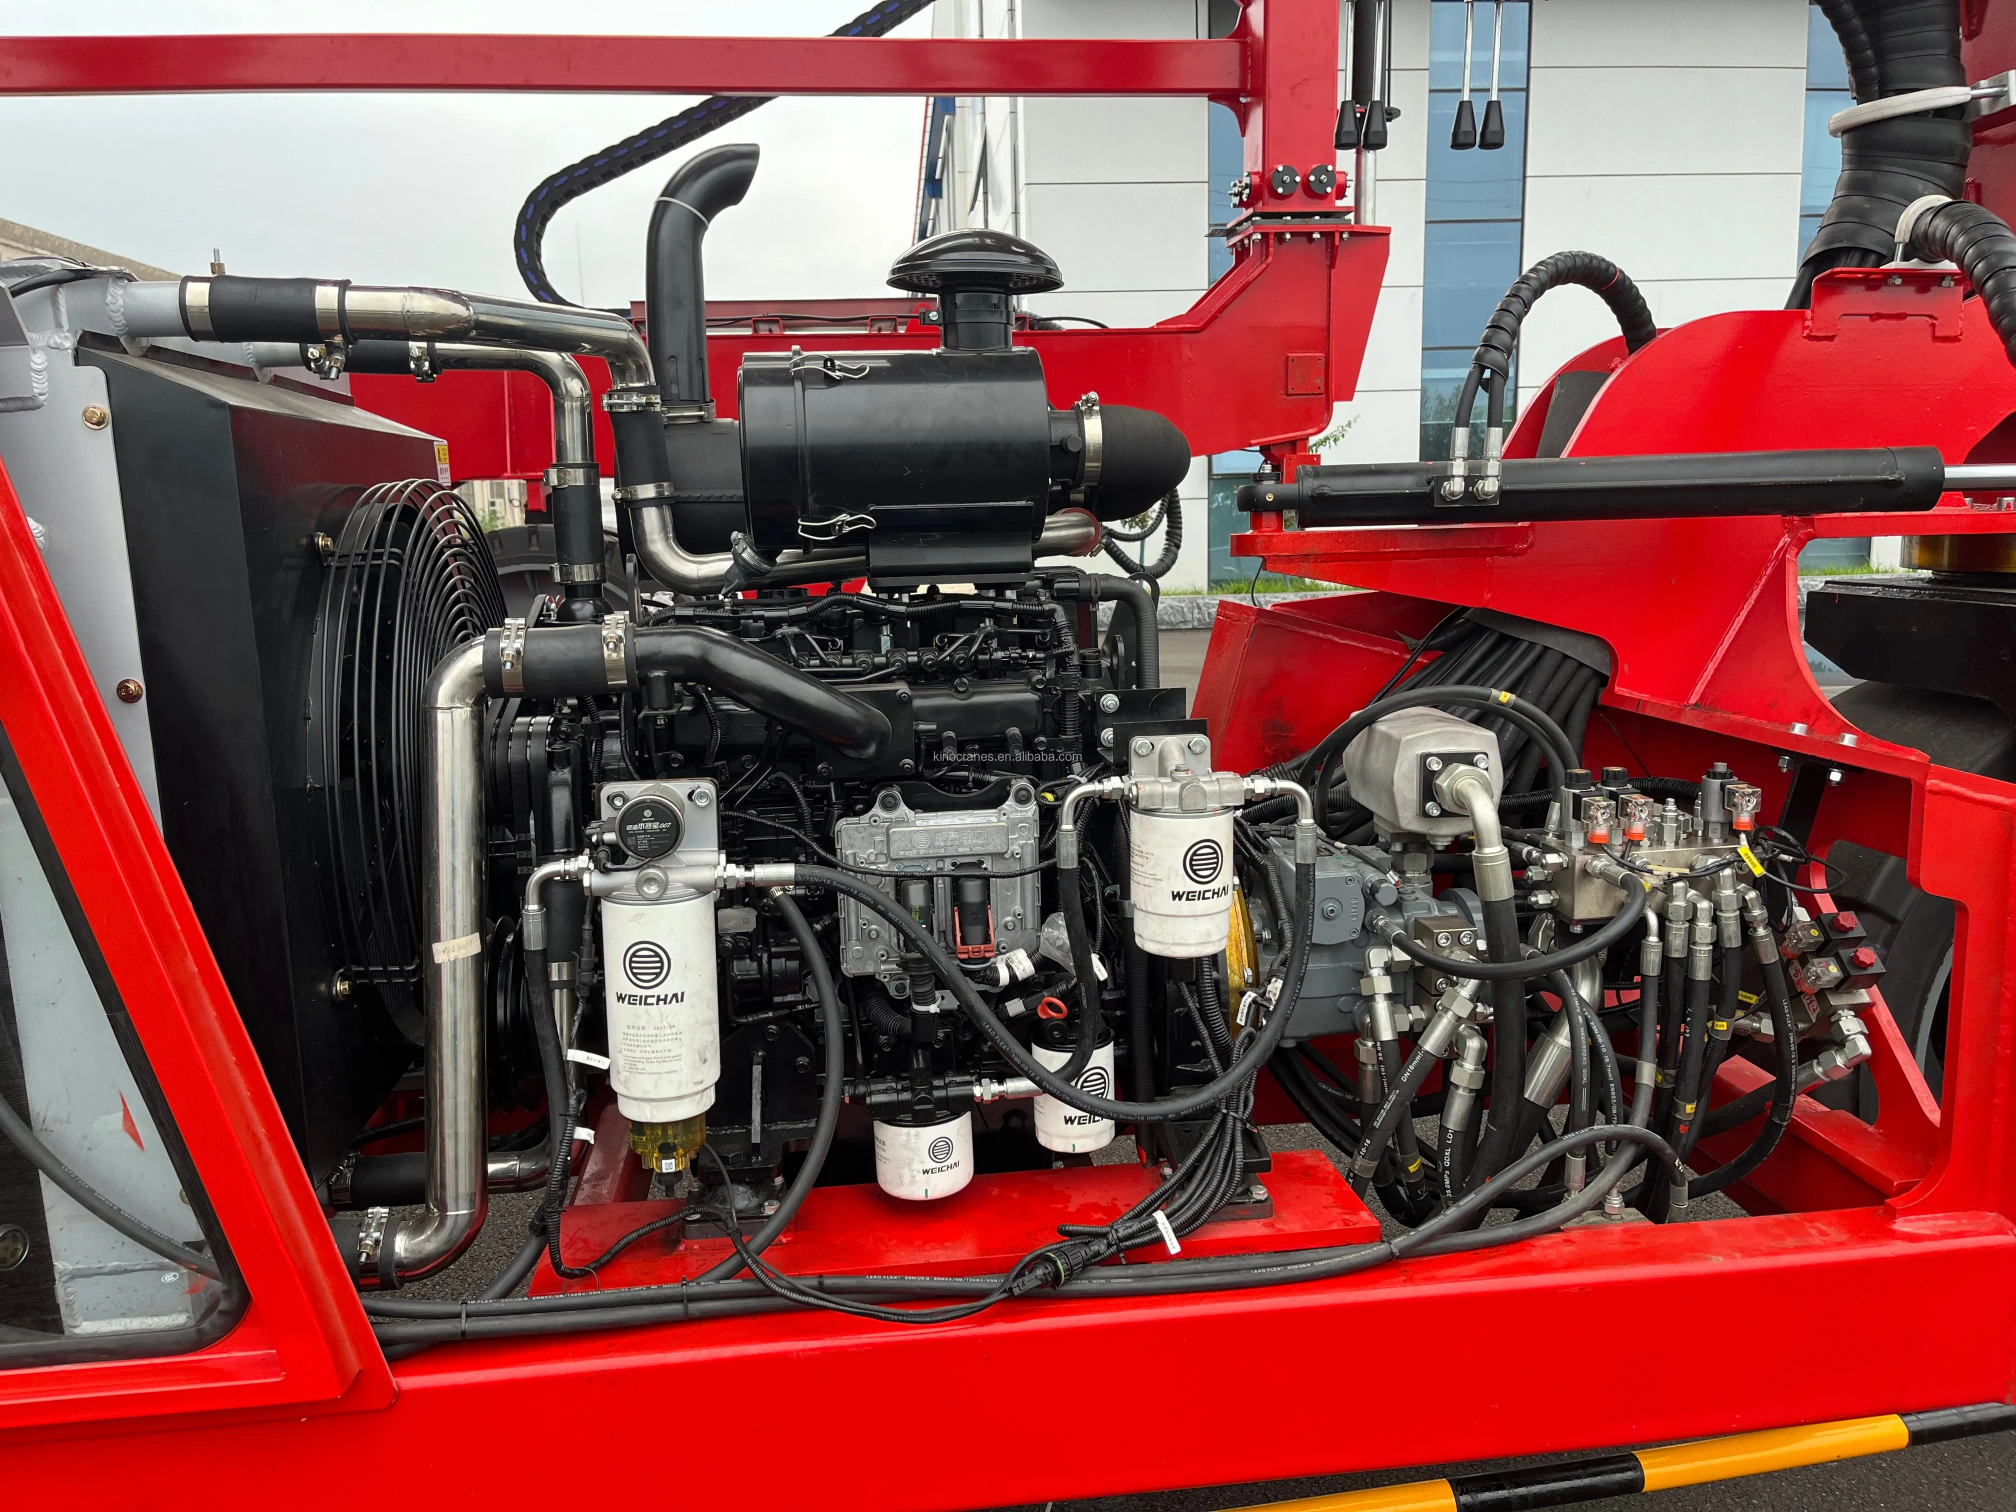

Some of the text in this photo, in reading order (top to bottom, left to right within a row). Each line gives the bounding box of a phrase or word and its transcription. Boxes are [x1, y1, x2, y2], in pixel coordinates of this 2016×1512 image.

[1171, 883, 1229, 901] WEICHAI
[616, 991, 685, 1006] WEICHAI
[1443, 1147, 1451, 1167] QDXL
[922, 1160, 960, 1175] WEICHAI

++++++++++++++++++++

To do. Copy out the data above exactly, except the pictures.

Your solution.
Some of the text in this photo, in reading order (top to bottom, left to right within a row). Each line gives the bounding box of a phrase or word and its transcription. Boxes are [x1, y1, x2, y2], in pixel coordinates of this 2016×1512 image.

[1171, 883, 1229, 901] WEICHAI
[616, 991, 685, 1006] WEICHAI
[1443, 1147, 1451, 1167] QDXL
[922, 1160, 960, 1175] WEICHAI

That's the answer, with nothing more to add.